Singaporean climate activist

Kate Yeo (born 2001) is a youth climate activist from Singapore.

== Activism ==
=== Climate ===
In 2018, Yeo started a campaign BYO Bottle SG to advocate against single-use plastics in Singapore. The initiative has worked with 231 drink stalls and reached out to close to 10,000 people. She achieved 2nd Prize in the Goi Peace Foundation International Essay Contest for Young People for her essay titled “The Battle Against Plastic Pollution”.

Yeo was one of the organisers of the We The Planet climate strikes for Earth Day 2020. She then co-founded Re-Earth Initiative, an international youth-led NGO striving to make the climate movement more accessible to all. She also helped to organise the Virtual Youth Environment Assembly, organised by the U.N. Environmental Programme’s youth constituency. In April 2021, she was a panellist at the Othering & Belonging Summit, alongside writer and climate activist Naomi Klein and other youth advocates Tokata Iron Eyes, Xiye Bastida and Samia Dumbuya. She attended the COP27 conference in Egypt in 2022 to look at how the international trade of carbon credits will be rolled out. After the conference, she spoke about feeling frustrated at the lack of progress but remaining "stubbornly hopeful".
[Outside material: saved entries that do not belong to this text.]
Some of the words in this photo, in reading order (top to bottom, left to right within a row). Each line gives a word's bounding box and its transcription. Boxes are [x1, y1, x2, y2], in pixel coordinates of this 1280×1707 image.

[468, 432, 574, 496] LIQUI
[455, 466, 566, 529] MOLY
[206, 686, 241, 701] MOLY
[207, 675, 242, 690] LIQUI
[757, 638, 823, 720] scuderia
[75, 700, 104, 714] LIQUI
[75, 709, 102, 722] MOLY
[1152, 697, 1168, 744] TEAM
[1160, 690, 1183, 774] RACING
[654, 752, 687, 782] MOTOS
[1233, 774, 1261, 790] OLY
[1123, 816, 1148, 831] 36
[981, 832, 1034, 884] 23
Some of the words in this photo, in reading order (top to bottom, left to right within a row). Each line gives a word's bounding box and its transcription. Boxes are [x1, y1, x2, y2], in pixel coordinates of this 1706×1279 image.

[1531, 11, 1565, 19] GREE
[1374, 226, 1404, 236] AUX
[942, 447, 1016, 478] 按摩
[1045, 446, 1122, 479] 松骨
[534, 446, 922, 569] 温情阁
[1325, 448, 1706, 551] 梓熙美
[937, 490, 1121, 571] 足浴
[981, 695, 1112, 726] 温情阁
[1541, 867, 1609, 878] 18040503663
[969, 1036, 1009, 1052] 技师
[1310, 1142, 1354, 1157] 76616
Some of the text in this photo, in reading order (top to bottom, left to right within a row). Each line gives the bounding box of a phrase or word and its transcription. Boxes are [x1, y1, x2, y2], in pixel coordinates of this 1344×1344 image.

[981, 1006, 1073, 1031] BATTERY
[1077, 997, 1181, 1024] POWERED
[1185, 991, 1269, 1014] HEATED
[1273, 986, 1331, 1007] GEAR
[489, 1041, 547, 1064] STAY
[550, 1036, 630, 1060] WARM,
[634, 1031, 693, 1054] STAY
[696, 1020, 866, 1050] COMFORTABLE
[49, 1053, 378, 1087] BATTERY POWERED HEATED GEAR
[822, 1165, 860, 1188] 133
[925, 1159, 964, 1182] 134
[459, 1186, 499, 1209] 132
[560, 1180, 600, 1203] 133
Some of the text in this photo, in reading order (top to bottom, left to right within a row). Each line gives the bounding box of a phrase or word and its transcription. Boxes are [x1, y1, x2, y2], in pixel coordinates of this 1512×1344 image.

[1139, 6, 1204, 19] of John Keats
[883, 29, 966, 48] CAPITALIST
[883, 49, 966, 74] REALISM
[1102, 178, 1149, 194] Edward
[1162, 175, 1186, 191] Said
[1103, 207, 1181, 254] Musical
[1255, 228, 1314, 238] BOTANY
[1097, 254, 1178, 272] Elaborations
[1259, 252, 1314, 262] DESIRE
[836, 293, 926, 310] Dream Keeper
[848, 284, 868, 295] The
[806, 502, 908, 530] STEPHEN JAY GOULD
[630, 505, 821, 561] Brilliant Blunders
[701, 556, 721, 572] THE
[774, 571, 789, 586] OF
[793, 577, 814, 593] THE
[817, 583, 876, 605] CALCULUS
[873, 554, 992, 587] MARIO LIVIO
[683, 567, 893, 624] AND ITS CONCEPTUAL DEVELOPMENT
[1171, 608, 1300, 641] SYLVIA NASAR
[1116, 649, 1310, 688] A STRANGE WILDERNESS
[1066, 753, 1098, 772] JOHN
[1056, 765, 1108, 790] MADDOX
Yeo is also a founder of Fossil Free Dartmouth, a group calling on Dartmouth College to cut financial ties with fossil fuel companies. In October 2023, she co-authored a report criticizing connections between the Arthur L. Irving Institute for Energy and Society and Irving Oil.

In 2023, she was named to the Eco-Business Youth A-List which recognizes "the most impactful
young sustainability leaders across Asia Pacific".

=== COVID-19 Initiative ===
During the pandemic, Kate started an initiative to support local hawkers in Singapore. Her family purchased bulk orders of food and drinks which were given to residents at a halfway house.